* Problem statement *
Return, word for word, the line containing "Some of the text" and every line after it through the last line of the records below.

[[ Excerpted records, beginning ]]

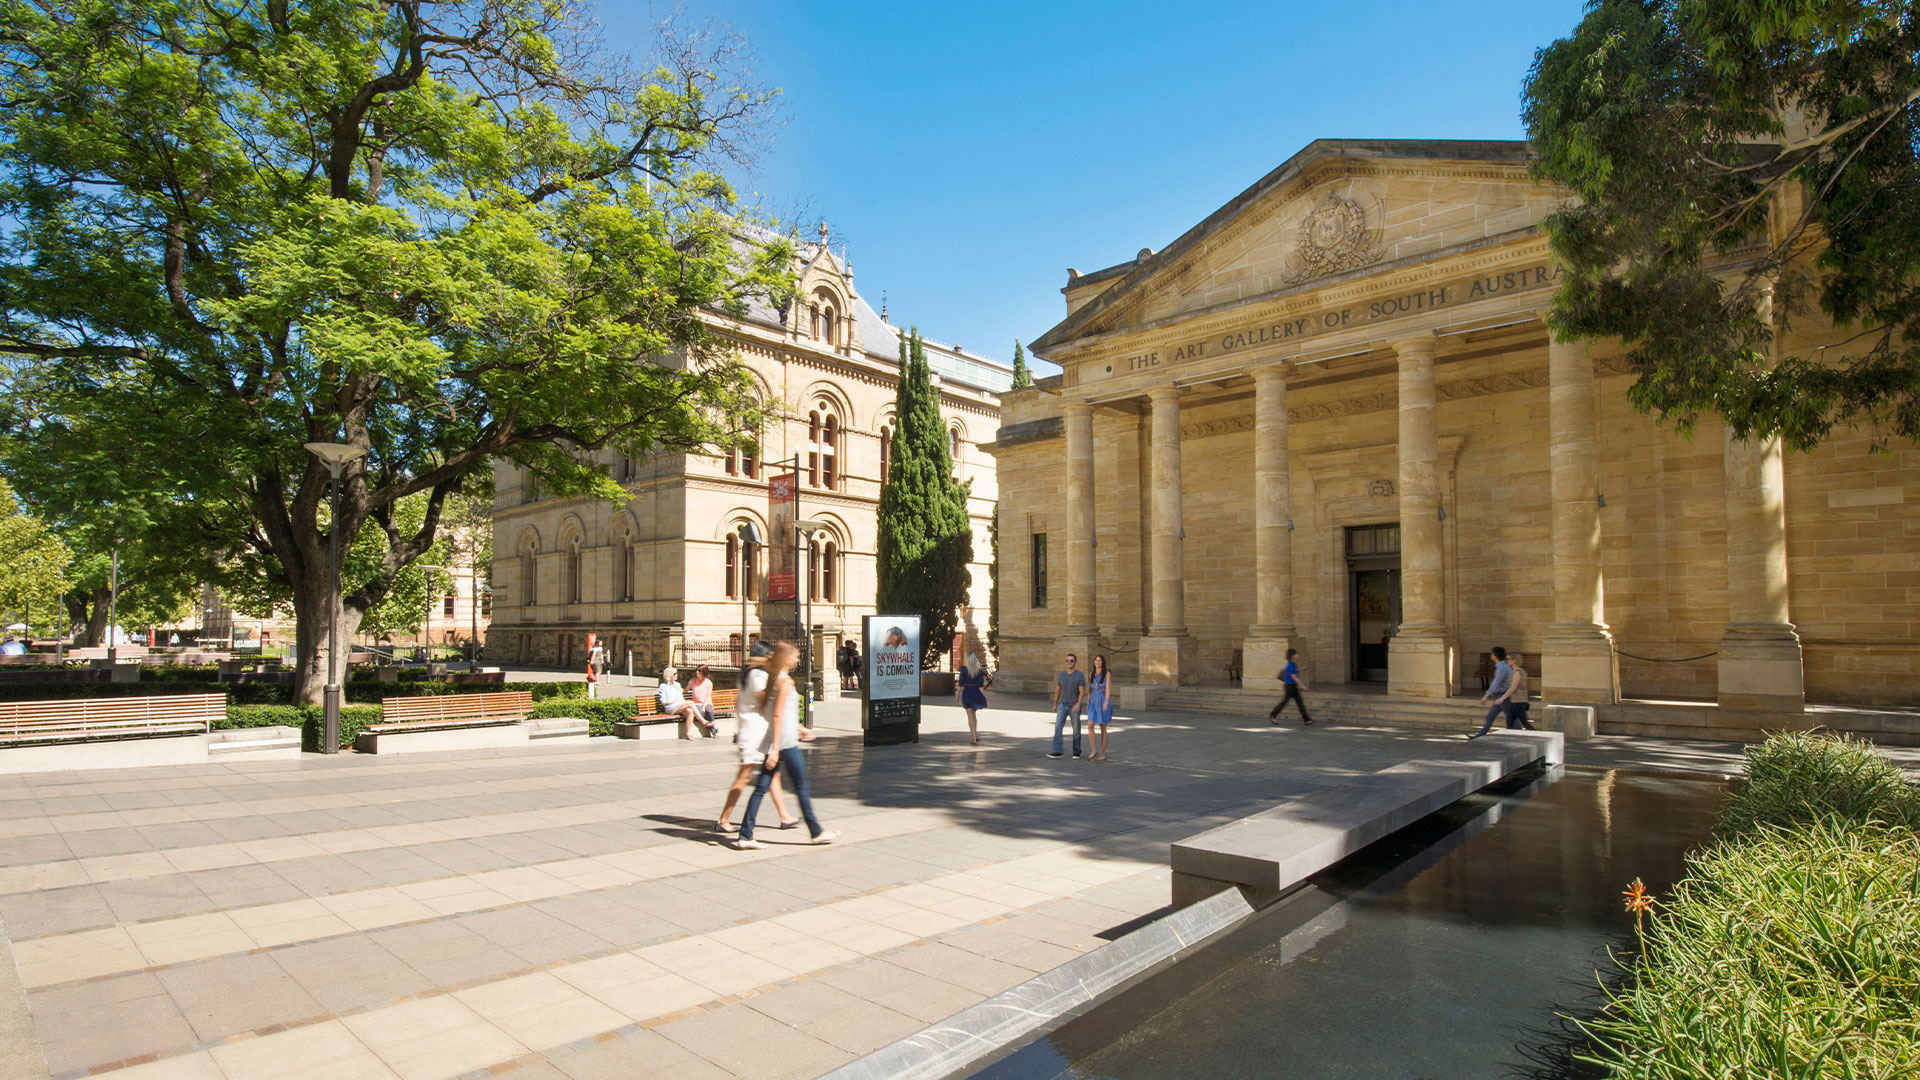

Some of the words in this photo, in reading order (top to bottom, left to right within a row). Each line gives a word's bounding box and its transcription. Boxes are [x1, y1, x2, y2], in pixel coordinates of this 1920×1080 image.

[1128, 352, 1160, 370] THE
[1174, 341, 1206, 360] ART
[1222, 320, 1305, 350] GALLERY
[1324, 309, 1350, 327] OF
[1370, 288, 1446, 318] SOUTH
[876, 652, 915, 664] SKYWHALE
[876, 665, 884, 676] IS
[886, 664, 914, 676] COMING
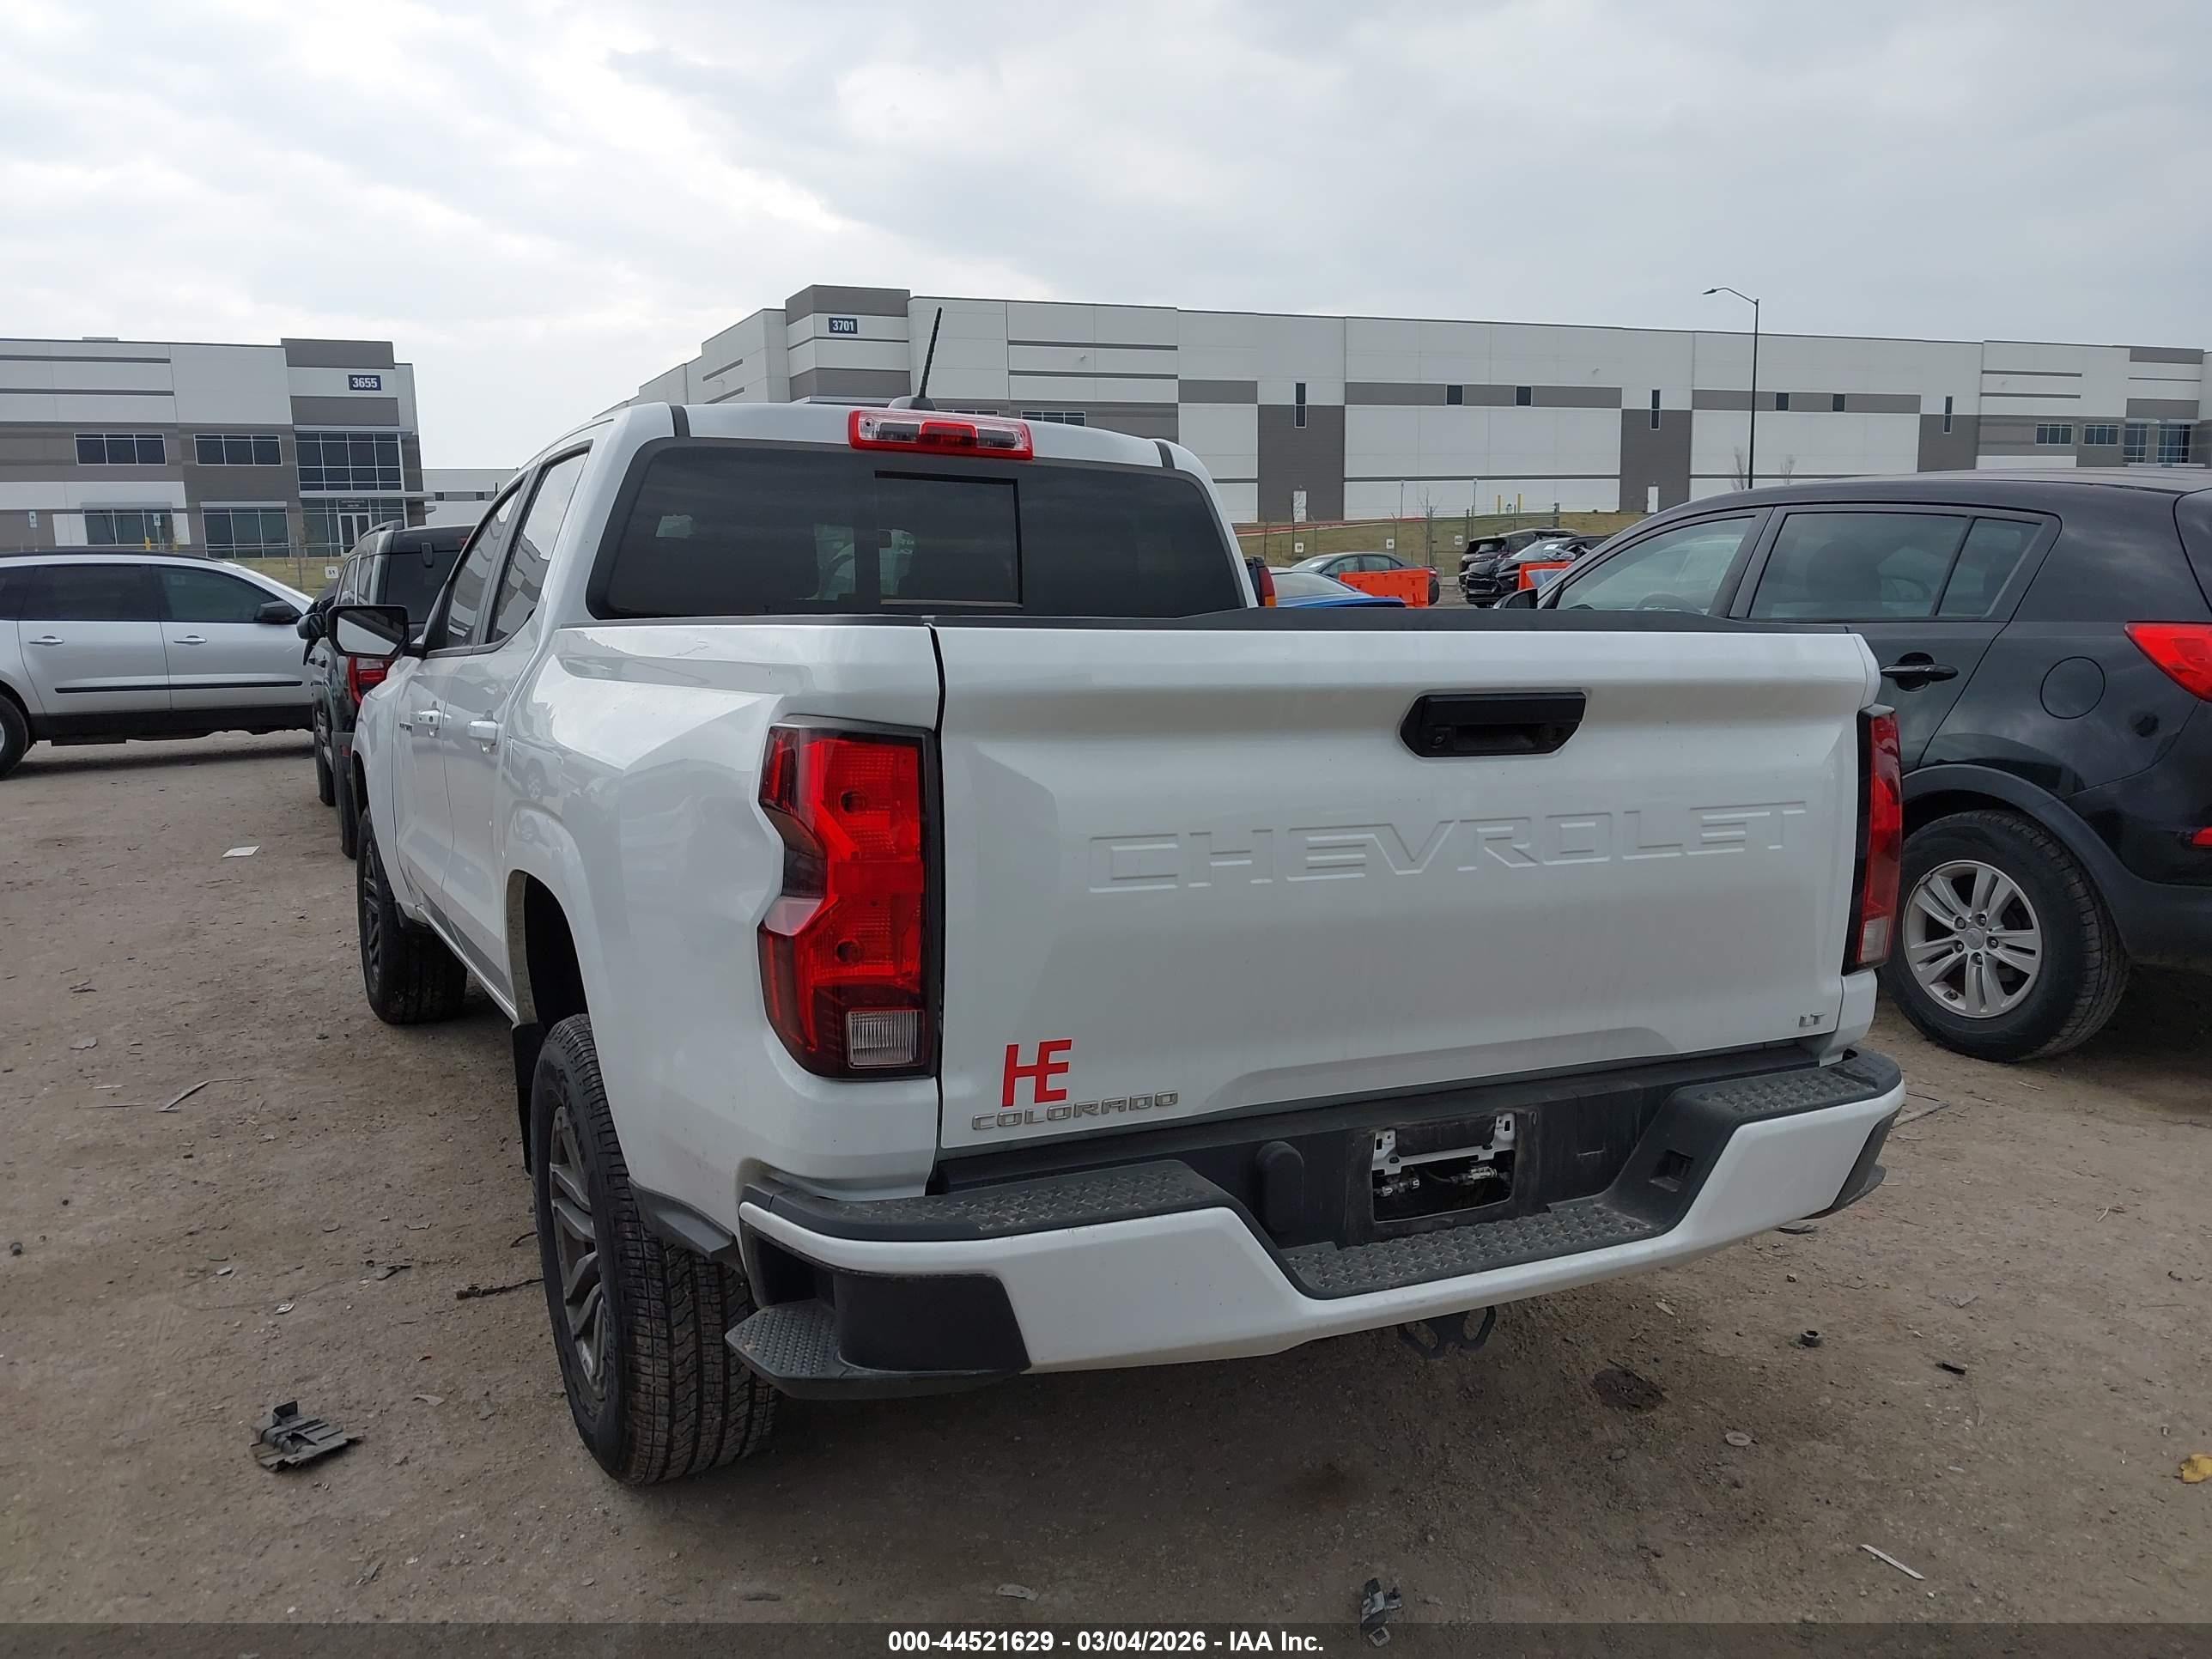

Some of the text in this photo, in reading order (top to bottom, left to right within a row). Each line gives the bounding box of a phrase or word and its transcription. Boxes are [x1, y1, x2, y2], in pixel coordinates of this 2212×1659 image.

[833, 320, 854, 331] 3701
[352, 377, 378, 388] 3655
[1089, 799, 1807, 892] CHEVROLET
[1799, 1012, 1826, 1028] LT
[971, 1090, 1178, 1131] COLORADO

[[ Excerpted records, end ]]

* Finished exercise *
Some of the text in this photo, in reading order (top to bottom, left to right within a row). Each line gives the bounding box of a phrase or word and its transcription. Boxes are [x1, y1, x2, y2], in pixel coordinates of this 2212×1659 image.

[833, 320, 854, 331] 3701
[352, 377, 378, 388] 3655
[1089, 799, 1807, 892] CHEVROLET
[1799, 1012, 1826, 1028] LT
[971, 1090, 1178, 1131] COLORADO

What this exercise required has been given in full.